Ralf Corsepius wrote:
On Tue, 2007-01-23 at 08:25 -0500, Jesse Keating wrote:
On Tuesday 23 January 2007 01:44, Ralf Corsepius wrote:
What I find arguable/questionable in FE's CVS-repos, is the way
"FE-branches" have been implemented into it. They are implemented as
separate directories instead of CVS-branches. If real CVS-branches had
been used several details would have been much easier.
In the early days of FE, I had been told the reason for this design
decision had been AVCs, because CVS storing branches in files would
prevent AVCs to be applicable.
Way back when, the dist-cvs method did use actual cvs branches, however the
workflow was not easy to apply changes across all branches. And to some
extent having actual directories made life a bit easier for many things.
Now, directories COULD be implemented at the same time as cvs branches, just
a little extra work on the tool side when bringing them down. But here we
are, and most of us feel that it would be better to move to a new SCM with
new possibilities rather than put significant effort into CVS.

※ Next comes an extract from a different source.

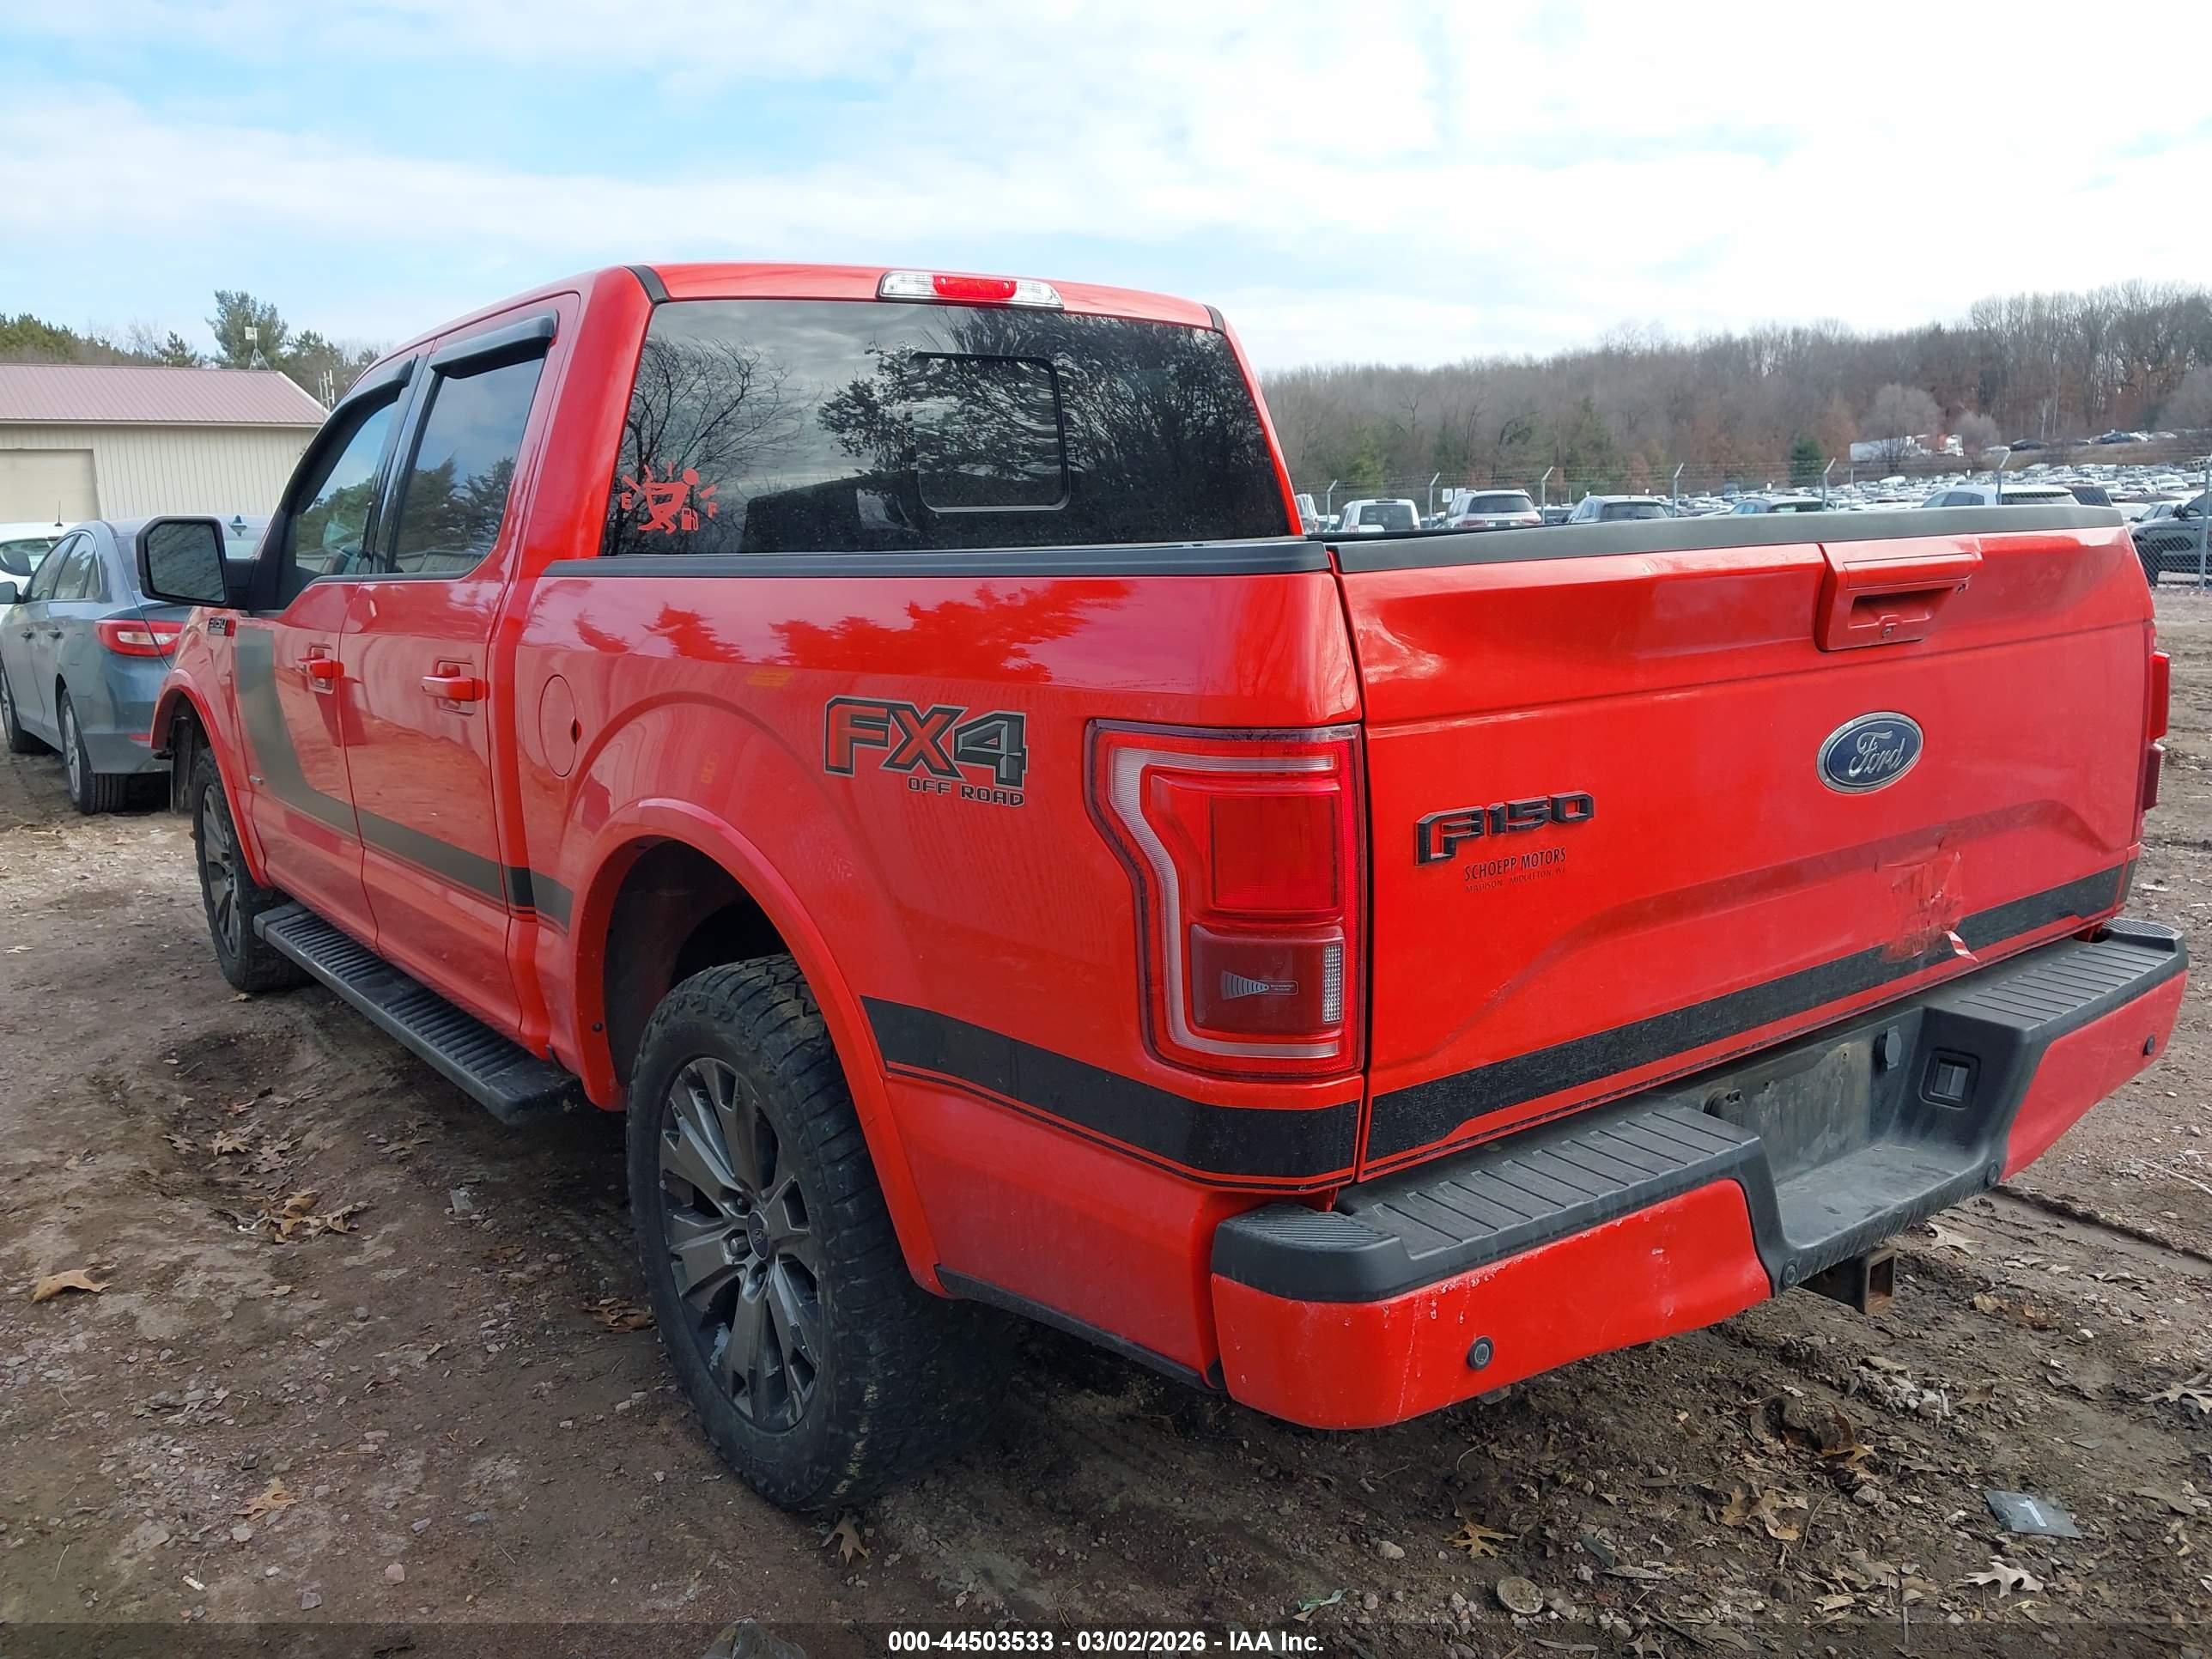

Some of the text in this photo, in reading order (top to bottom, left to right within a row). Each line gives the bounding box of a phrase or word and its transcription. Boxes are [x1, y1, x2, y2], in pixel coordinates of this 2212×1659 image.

[824, 694, 1029, 789] FX4
[907, 775, 1024, 807] OFF ROAD
[1415, 790, 1595, 867] F150
[1464, 846, 1567, 882] SCHOEPP MOTORS
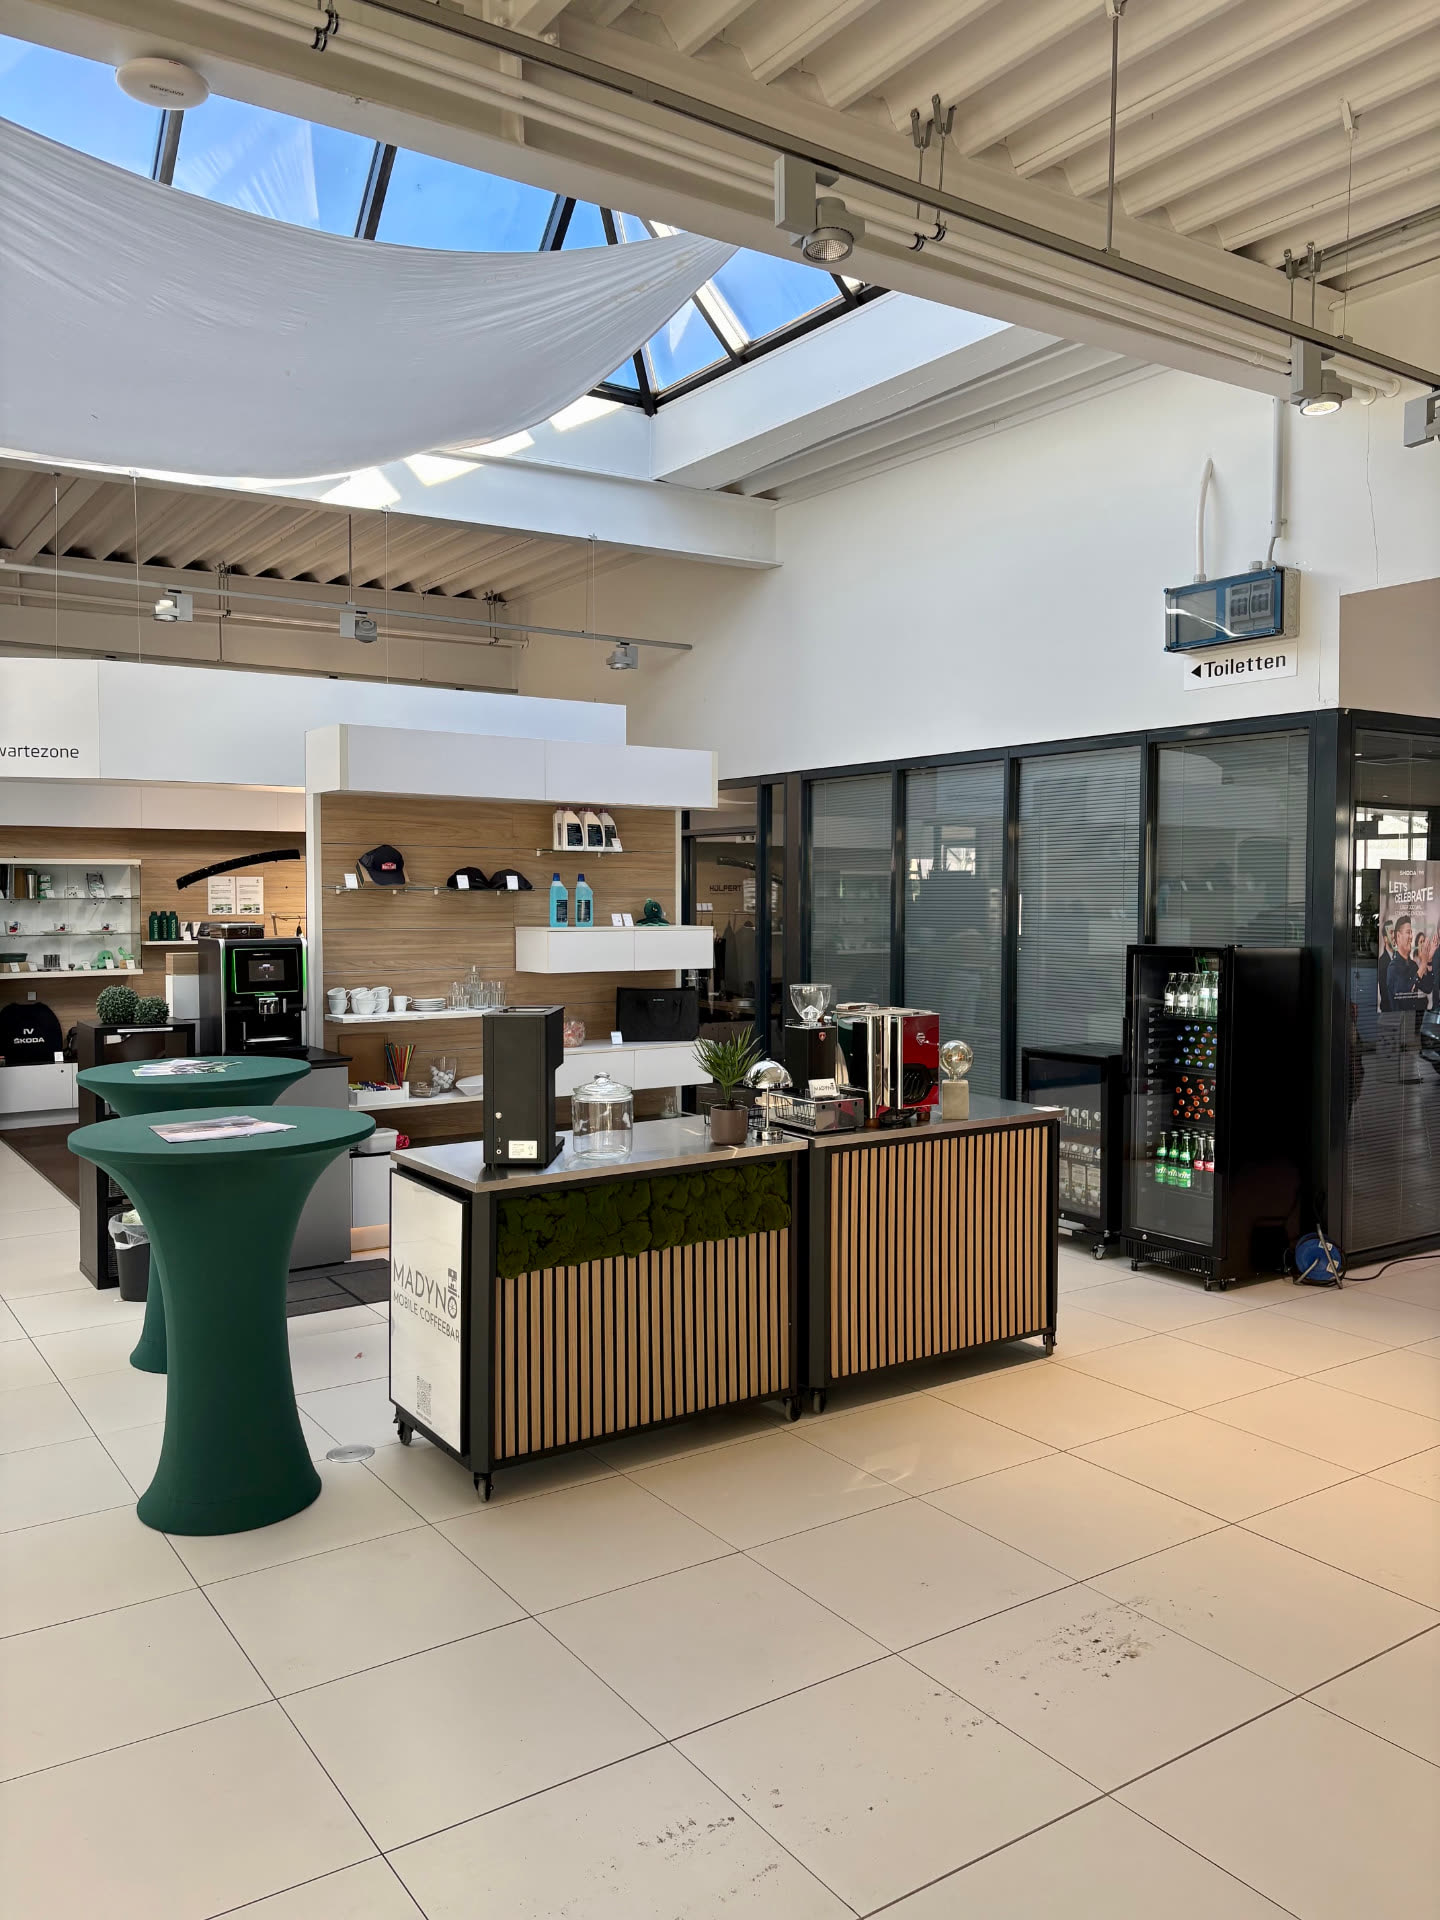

Well, from a user perspective things look a bit different:
CVS has a long history, probably everybody has his own record of
experiences with it, probably everybody knows about the weaknesses of
CVS => Everybody is bashing on it.
IMO, svn is heading along the same lane. Initially it had not been much
more but a "weak promise", then it had been pushed/hyped, now people are
about to move away from it. To me personally, gcc having moved from CVS
to svn, gave me sufficient reasons to hate it and not to consider it
anymore for my own work :(
Now, dist-hg, git, bazaar seem to be on high on the list of personal
preferences for some "leading RH people", for reasons only partially
known to me.
There is no conspiracy here. It's not a secret club of RH people pushing an
agenda. What it is, probably, is that some people have actually tried out
these new tools, and some use them on a daily basis. Once you've done that,
it's pretty obvious that these tools give you new powerful ways of working
with your source code. And at the same time they allow pretty much the same
centralized model as centralized tools such as cvs or svn.
Please don't forget that these still qualify as exotic and rarely used
tools, which have had comparable little exposure, and therefore probably
suffer from a lot of bugs and unknowns. Also, don't forget that FE is
supposed to be easily usable by many people. IMO, it would qualify as a
fault to switch to using something "exotic".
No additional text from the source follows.